ASSIGNMENT:
Write the records below out again word for word, with the pictures removed.

(RECORDS SHOWN Opens)

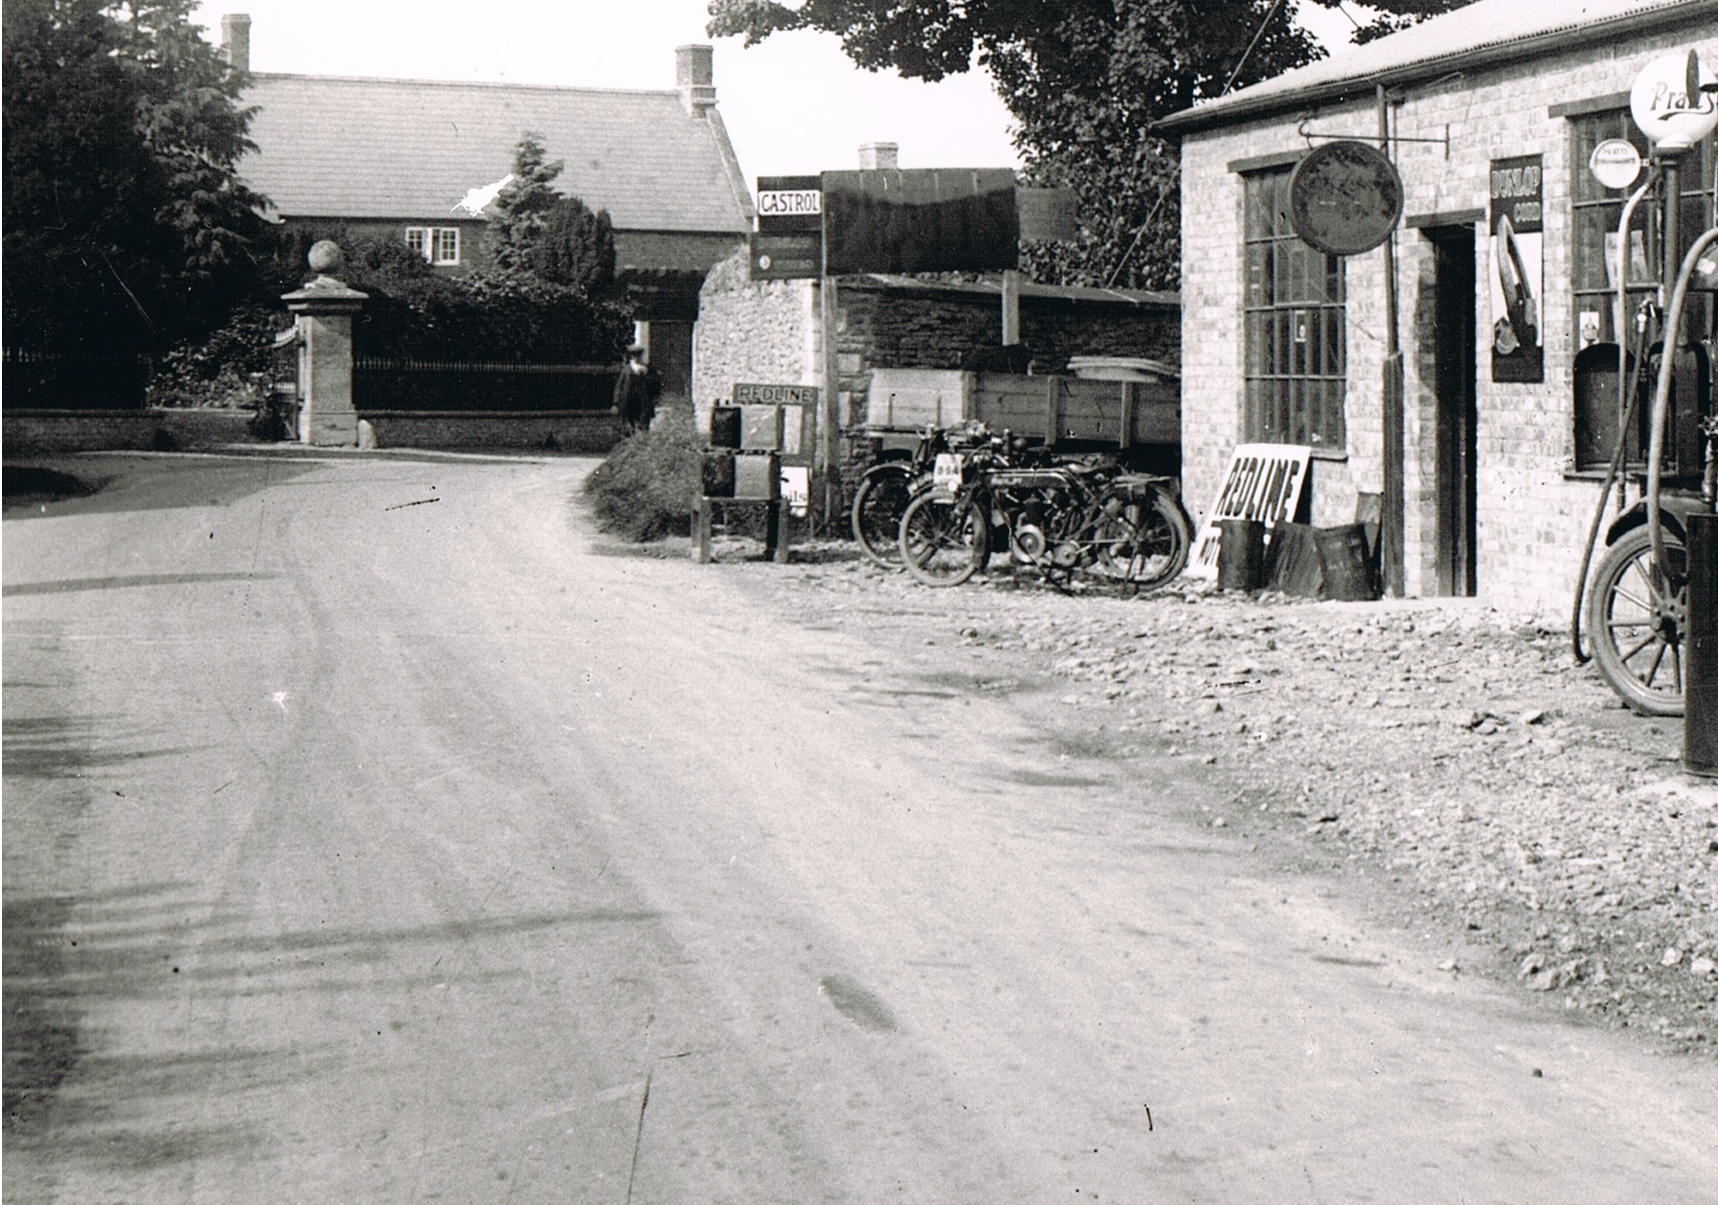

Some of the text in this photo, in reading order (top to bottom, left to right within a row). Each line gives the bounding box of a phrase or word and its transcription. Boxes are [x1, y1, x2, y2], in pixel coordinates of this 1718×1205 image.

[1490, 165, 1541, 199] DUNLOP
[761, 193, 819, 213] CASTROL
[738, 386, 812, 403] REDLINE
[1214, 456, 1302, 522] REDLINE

(RECORDS SHOWN Closes)

RESULT:
Some of the text in this photo, in reading order (top to bottom, left to right within a row). Each line gives the bounding box of a phrase or word and its transcription. Boxes are [x1, y1, x2, y2], in pixel coordinates of this 1718×1205 image.

[1490, 165, 1541, 199] DUNLOP
[761, 193, 819, 213] CASTROL
[738, 386, 812, 403] REDLINE
[1214, 456, 1302, 522] REDLINE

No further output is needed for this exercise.